Modèles simplifiés pour la locomotion des robots humanoïdes en terrain accidenté

Présentation donnée à la Journée Francophone de la Recherche au Japon, Maison Franco-Japonaise de Tokyo, novembre 2015.

Journée Francophone de la Recherche au Japon

Résumé

La robotique humanoïde distingue deux domaines : planification et locomotion. Tous deux servent le même objectif, qui est de permettre au robot de se déplacer d'un endroit à un autre. La locomotion repose sur des mouvements répétés (comme les pas d'une démarche) ou générés par des modèles simplifiés du robot (comme le pendule inversé, que nous allons voir). Elle nécessite généralement un sol plat ou peu accidenté. La planification fait moins d'hypothèses, ce qui la rend adaptée aux déplacements dans les environnements encombrés. Toutefois, elle nécessite d'avantage de calculs et a tendance à produire des mouvements peu naturels. Marcher en forêt relève par exemple de la locomotion, tandis qu'escalader une montagne relève de la planification.

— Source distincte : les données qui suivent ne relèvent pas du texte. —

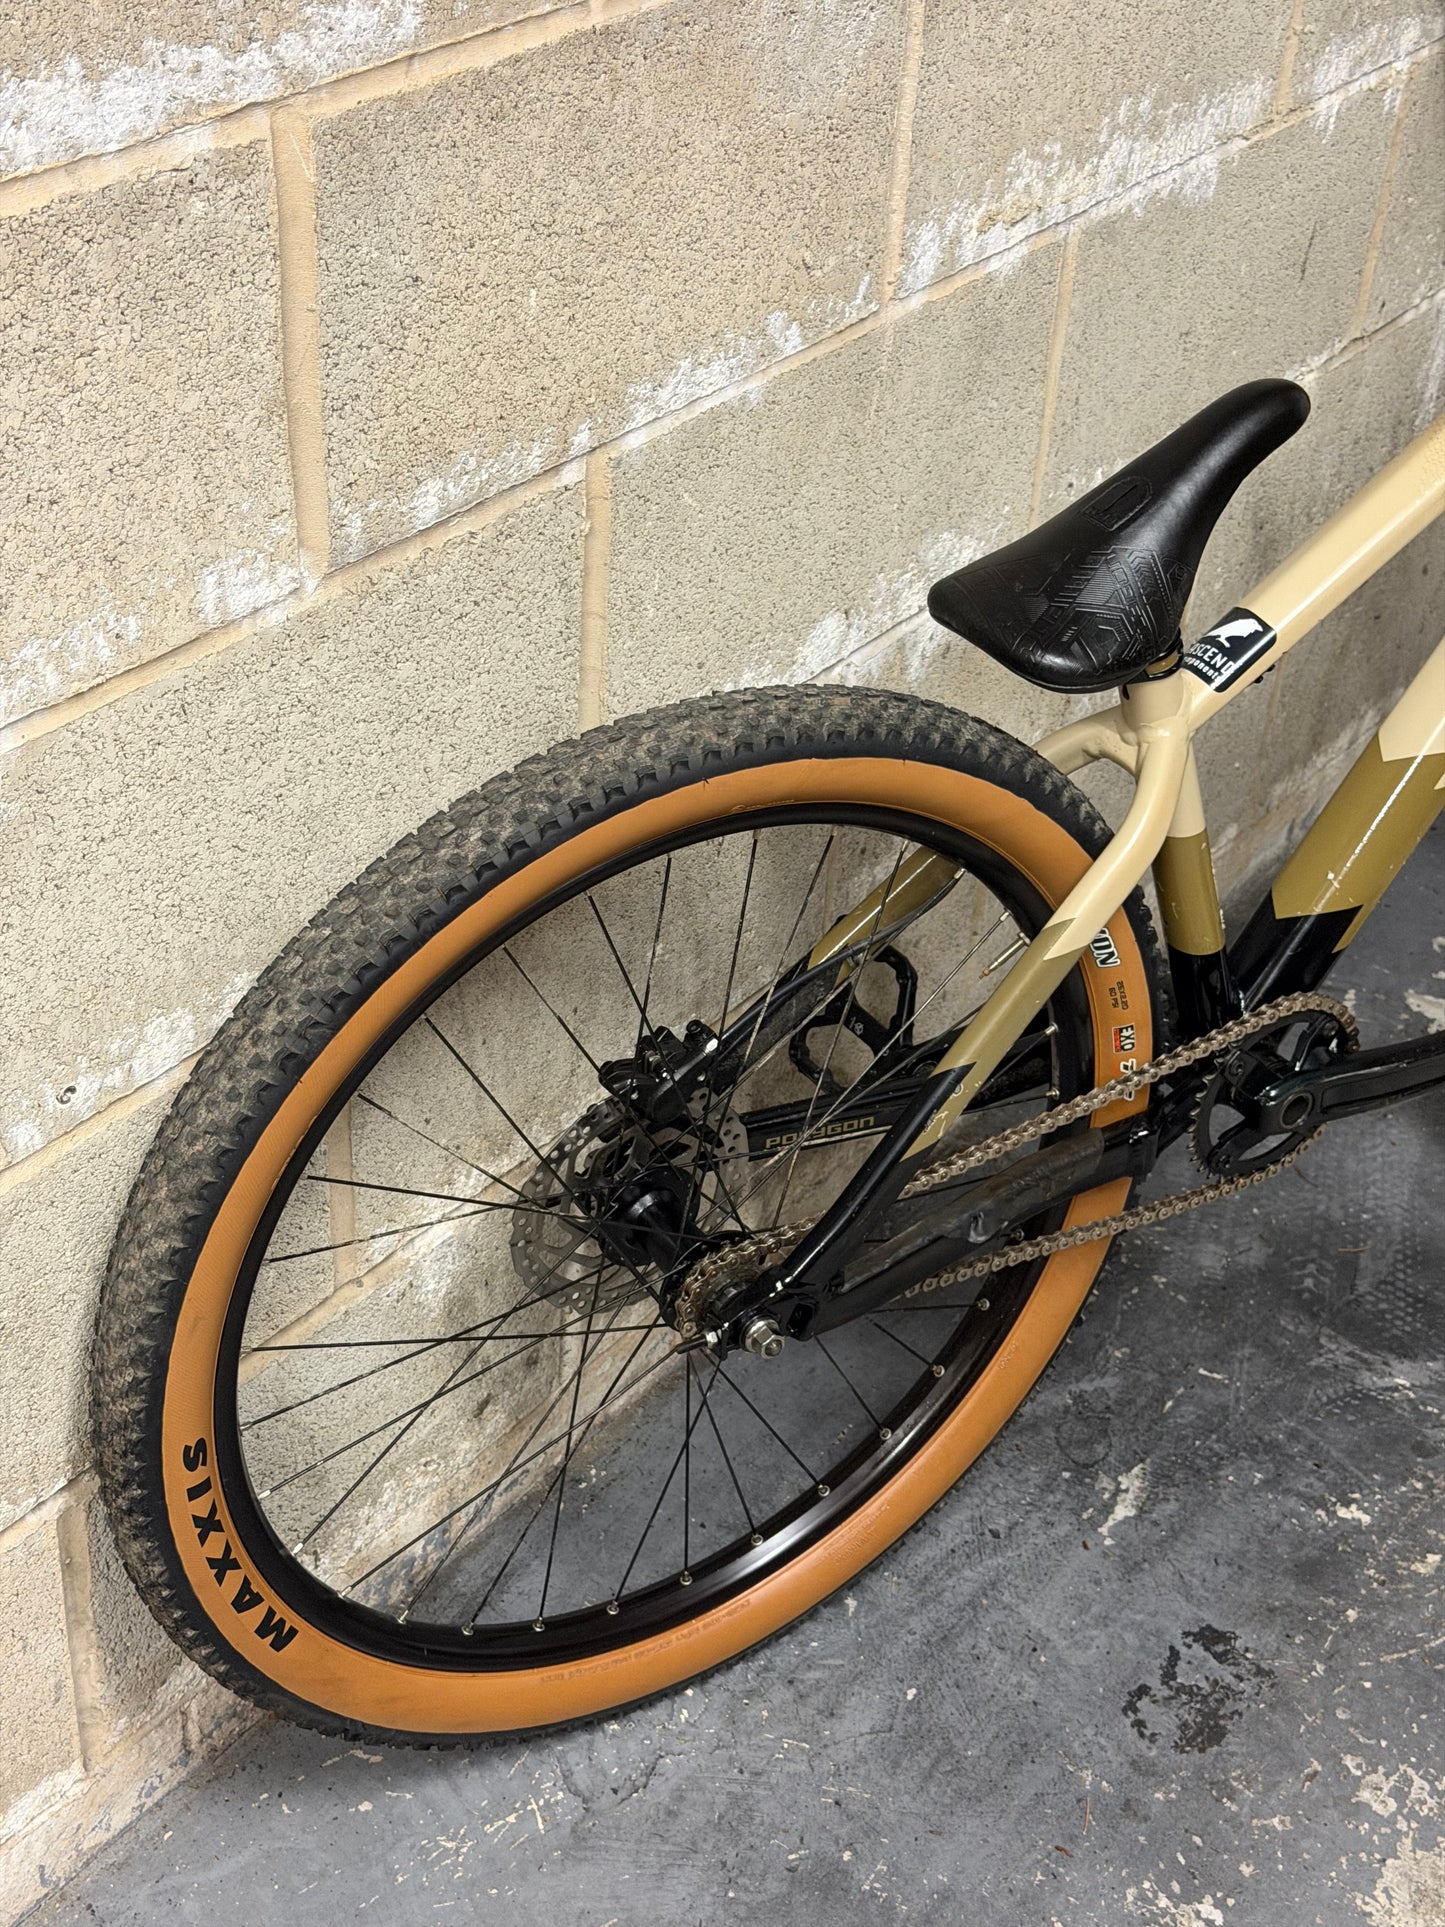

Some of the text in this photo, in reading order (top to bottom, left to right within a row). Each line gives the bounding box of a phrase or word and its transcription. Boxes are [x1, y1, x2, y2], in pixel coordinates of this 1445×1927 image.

La locomotion des robots humanoïdes sur sol horizontal est un problème bien résolu aujourd'hui. La solution la plus connue repose sur le ZMP (point d'annulation du moment tangentiel, Zero-tilting Moment Point en anglais), un point qui joue un rôle clef dans la locomotion bipède. Sa position dans le polygone de sustentation (l'ensemble des points situés « entre les pieds ») est un indicateur de la stabilité d'une démarche. Pour ne pas tomber, le robot doit éviter que le ZMP sorte de ce polygone.

La définition historique du ZMP nécessite un sol horizontal, ce qui a empêché son extension aux terrains accidentés. Depuis 10 ans, la piste du ZMP s'est ainsi retrouvée progressivement abandonnée au profit de différentes alternatives comme le contrôle direct des forces de contact. Dans les travaux que nous présentons aujourd'hui, nous proposons une nouvelle façon de définir le ZMP et de calculer ses polygones de sustentation. Cette révision permet de s'affranchir de l'hypothèse d'un sol horizontal et d'utiliser le ZMP même en terrain accidenté. Nous montrons ainsi comment le modèle de locomotion bien connu du pendule (inversé ou non) peut être utilisé dans de nouvelles situations où le robot utilise pieds et mains pour se déplacer (ici, en s'appuyant contre un mur pour effectuer une longue enjambée).

Matériel et méthode

Dans un survey paper de 2004, Sardain et Bessonnet définirent le ZMP à partir d'un axe non-central particulier du torseur gravito-inertiel. Nous généralisons leur approche en définissant le ZMP pour n'importe quel axe non-central de n'importe quel torseur. Le coeur de notre contribution est le développement de nouvelles méthodes de calcul des polygones de sustentation associés aux points ainsi définis, qui reposent sur la notion de dualité des ensembles coniques polyhédraux, en particulier sur l'algorithme de la double-description. Nous vérifions la validité des polygones ainsi construits en simulations.

Logiciels

  • Langage de programmation : Python
  • Environnement de développement robotique (visualisation et calculs cinématiques) : OpenRAVE
  • Bibliothèque de programmation quadratique (utilisée pour la cinématique inverse) : CVXOPT

Le code source développé pour ce travail est publié sous license GPLv3 dans la bibliothèque pymanoid.